Come ha detto un esperto pandemico americano qualche giorno fa, il Kosovo è diventato una storia di successo in Europa e nel mondo. Ora, però, non è il momento di rilassarsi. Questo non è il momento di invertire tutti i progressi rilevati. Non perdiamo la lotta negli ultimi 10 minuti. Abbiamo un modo lungo e difficile per arrivare a questo punto. Siamo così vicini alla vittoria che il ripristino del virus in mezzo a noi sarebbe ancora più deludente del suo arrivo.

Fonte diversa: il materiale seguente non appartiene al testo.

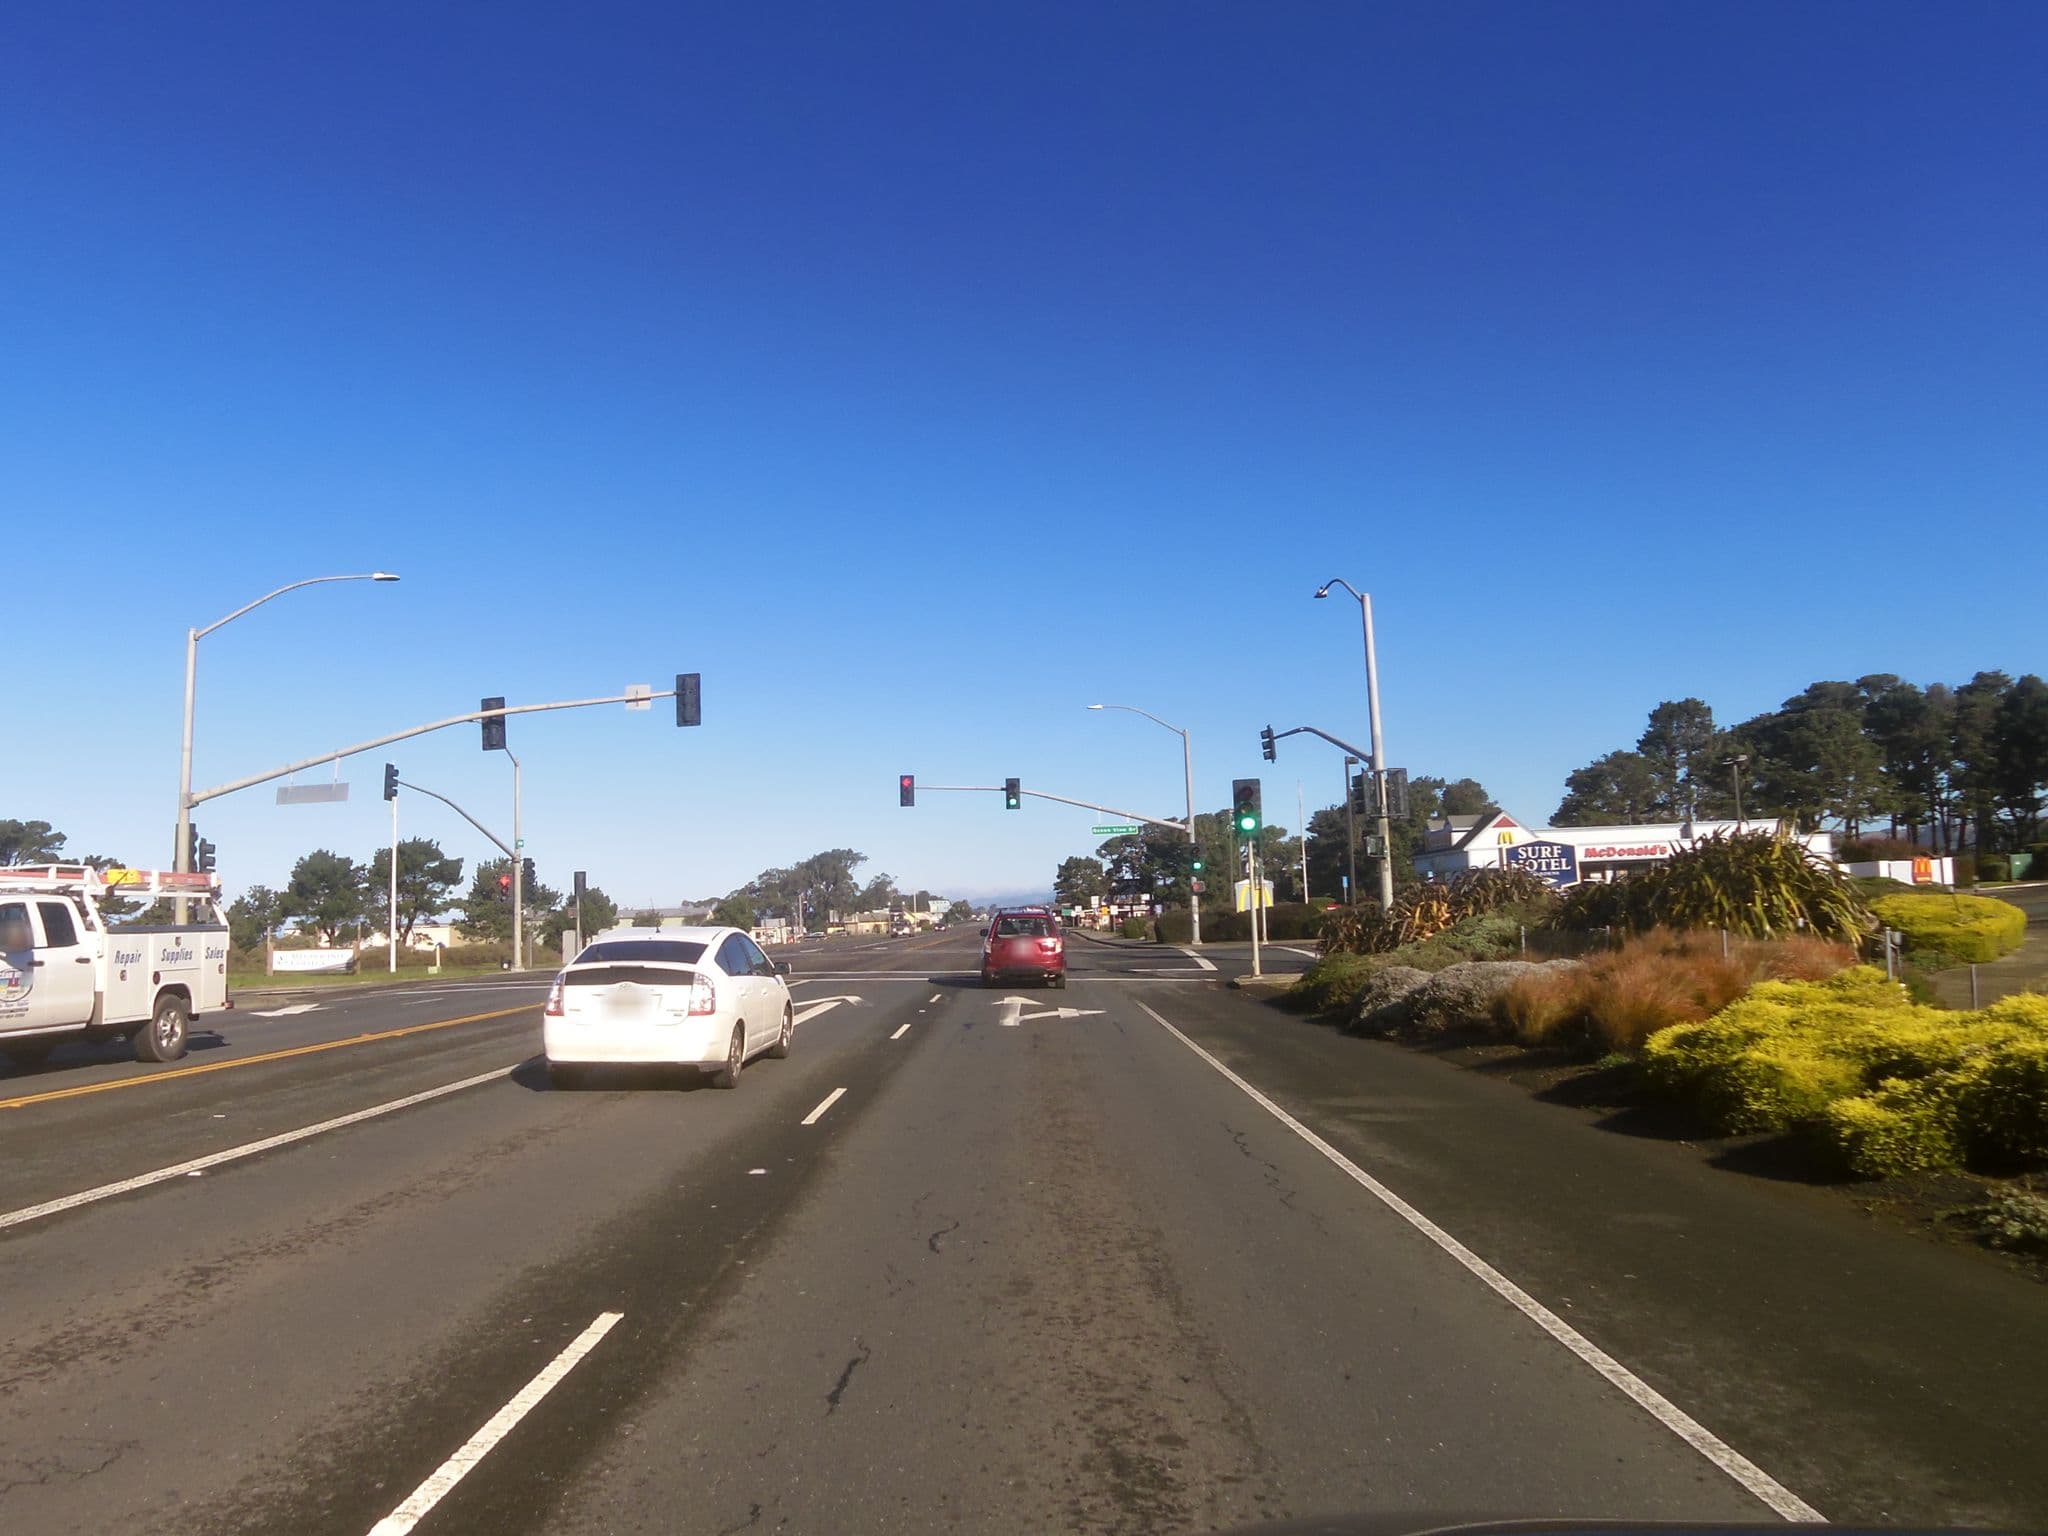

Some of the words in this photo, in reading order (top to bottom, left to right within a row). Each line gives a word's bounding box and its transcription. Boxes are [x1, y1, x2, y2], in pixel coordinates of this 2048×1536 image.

Naturalmente, abbiamo avuto successo finora nella lotta e nella prevenzione del COVID-19, ma nessuno ha il diritto di dichiarare questa battaglia completa. Coloro che lo fanno ci permetteranno di vincere la lunga - attesa vittoria. Non dimentichiamo che ancora non possediamo l'antivirale o il vaccino per questo virus. Per tutti noi, rimane sconosciuto. Anche se stiamo sconfiggendo questo nemico invisibile (abbiamo quasi tre e mezzo volte come molti casi di guarigione attivi), questo non garantisce il fallimento di nuove infezioni.
Quindi, continuiamo a rispettare, alla fine, le misure del ministero della salute e le raccomandazioni IKPK.
Evitare visite familiari e sociali.
Resta a casa.
Tieni la distanza.
Prendiamolo ancora un po', e la vittoria sarà nostra.